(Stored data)
>>>>
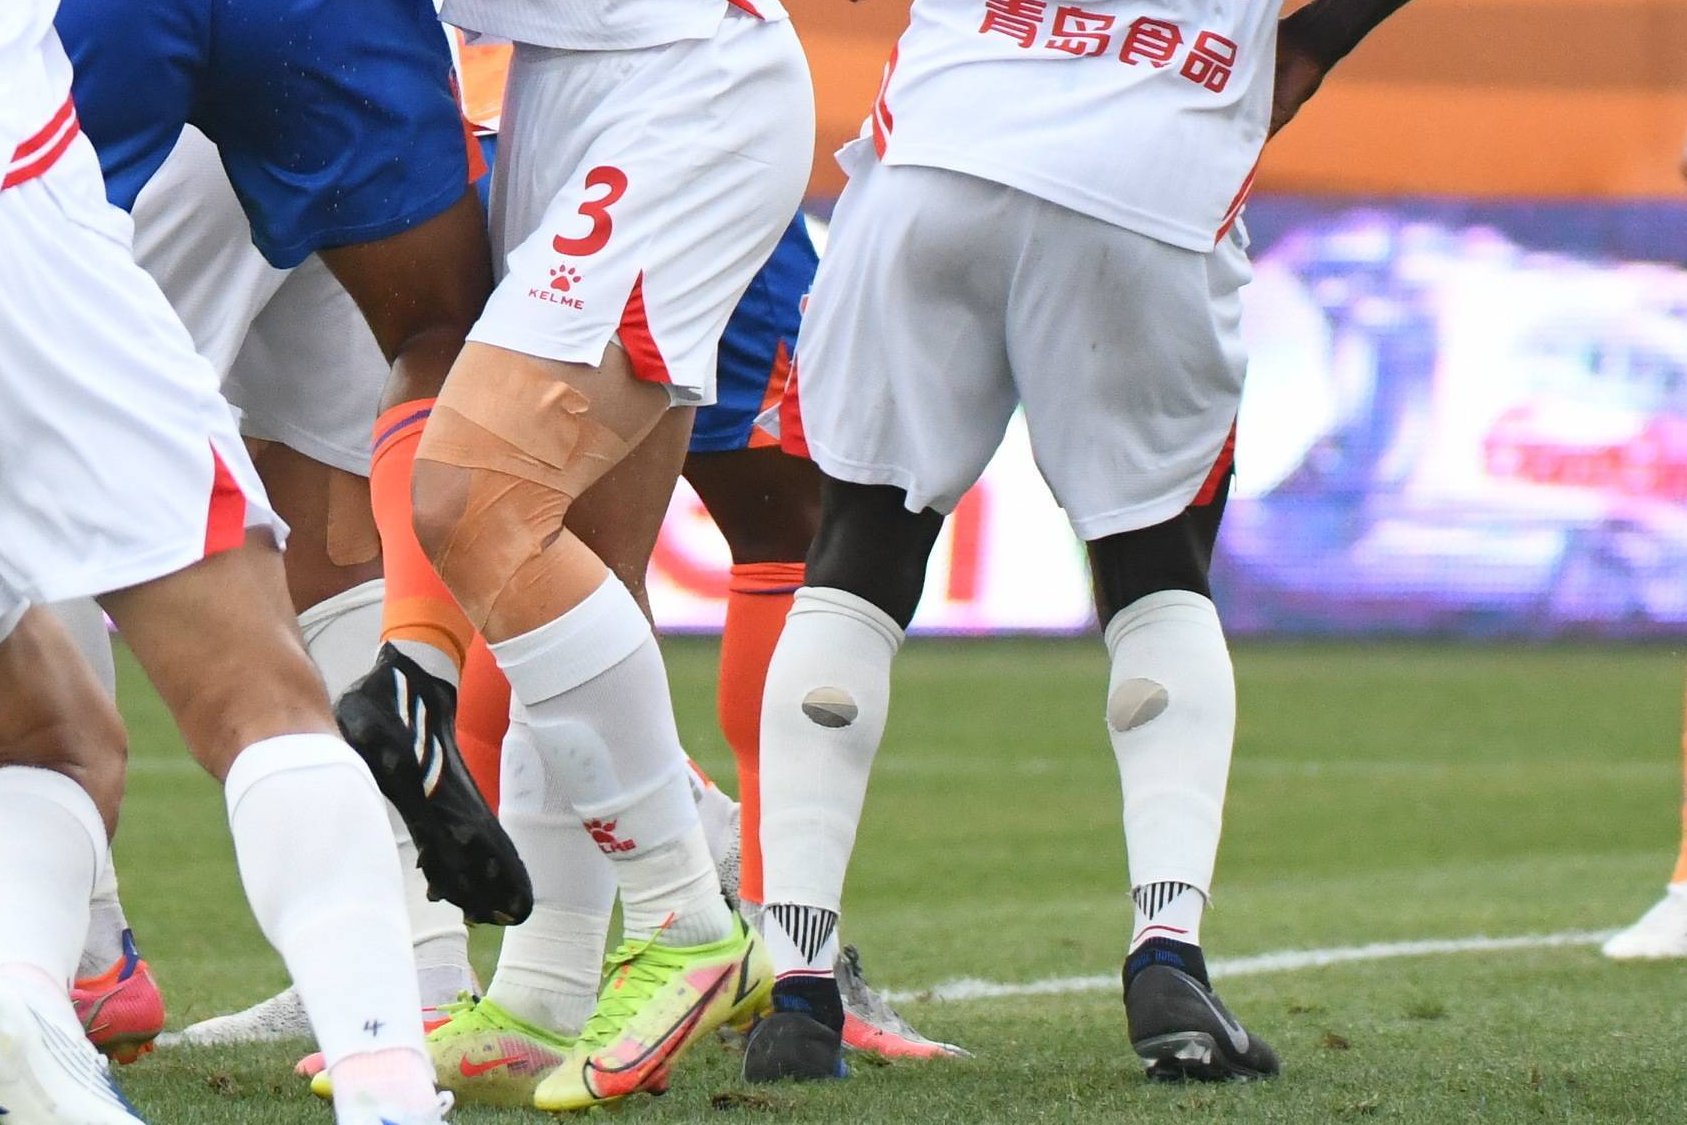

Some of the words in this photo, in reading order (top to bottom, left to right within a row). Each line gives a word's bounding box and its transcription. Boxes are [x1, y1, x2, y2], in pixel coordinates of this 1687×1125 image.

[552, 166, 628, 257] 3
[528, 288, 584, 310] KELME
[363, 1020, 386, 1037] 4
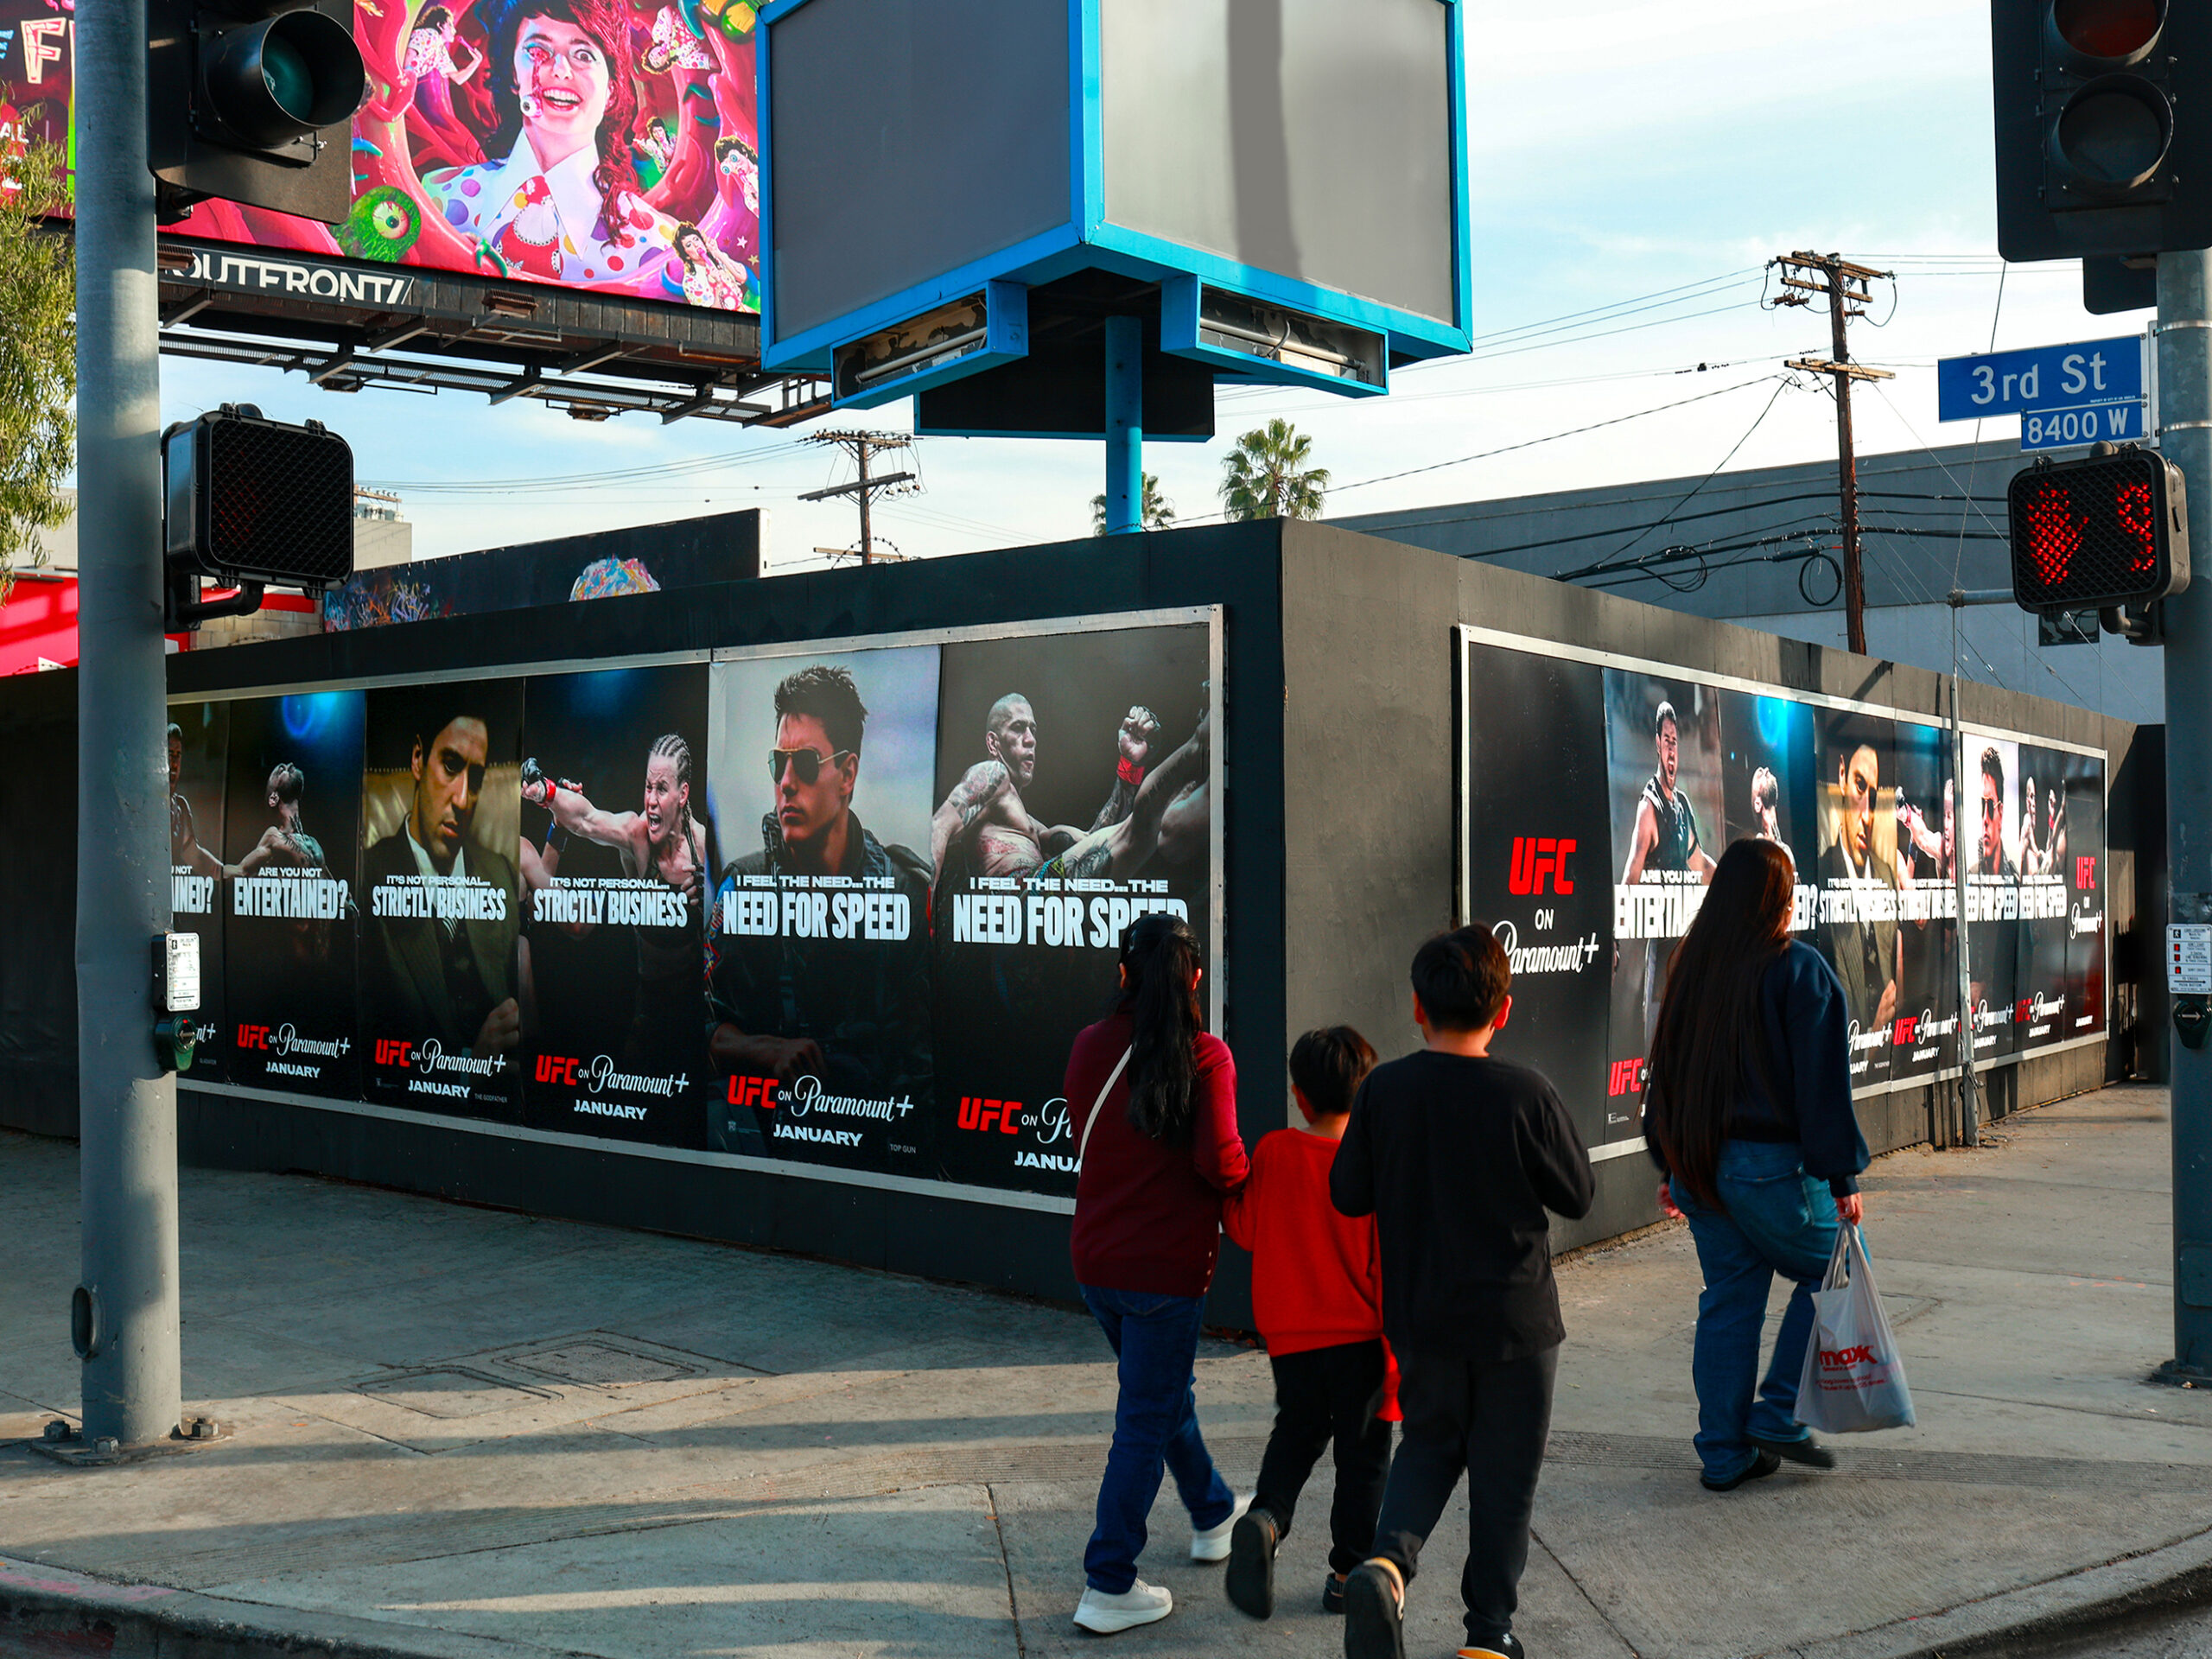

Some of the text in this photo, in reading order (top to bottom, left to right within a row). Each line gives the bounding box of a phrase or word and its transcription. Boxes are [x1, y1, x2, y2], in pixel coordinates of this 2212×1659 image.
<<<<
### WORK TASK
Give the entries again exactly. Pictures stay out.

### ANSWER SPACE
Some of the words in this photo, in reading order (top to bottom, left to right within a row). Each line gives a word's bounding box and its transcription. Boxes are [x1, y1, x2, y2], in pixel coordinates of this 1687×1125 image.

[552, 166, 628, 257] 3
[528, 288, 584, 310] KELME
[363, 1020, 386, 1037] 4

Some of the text in this photo, in reading order (top to bottom, left to right within a row). Each line gives the bounding box of a phrase or word and its transcription. Boxes are [x1, y1, x2, y2], in pixel coordinates of this 2212×1659 image.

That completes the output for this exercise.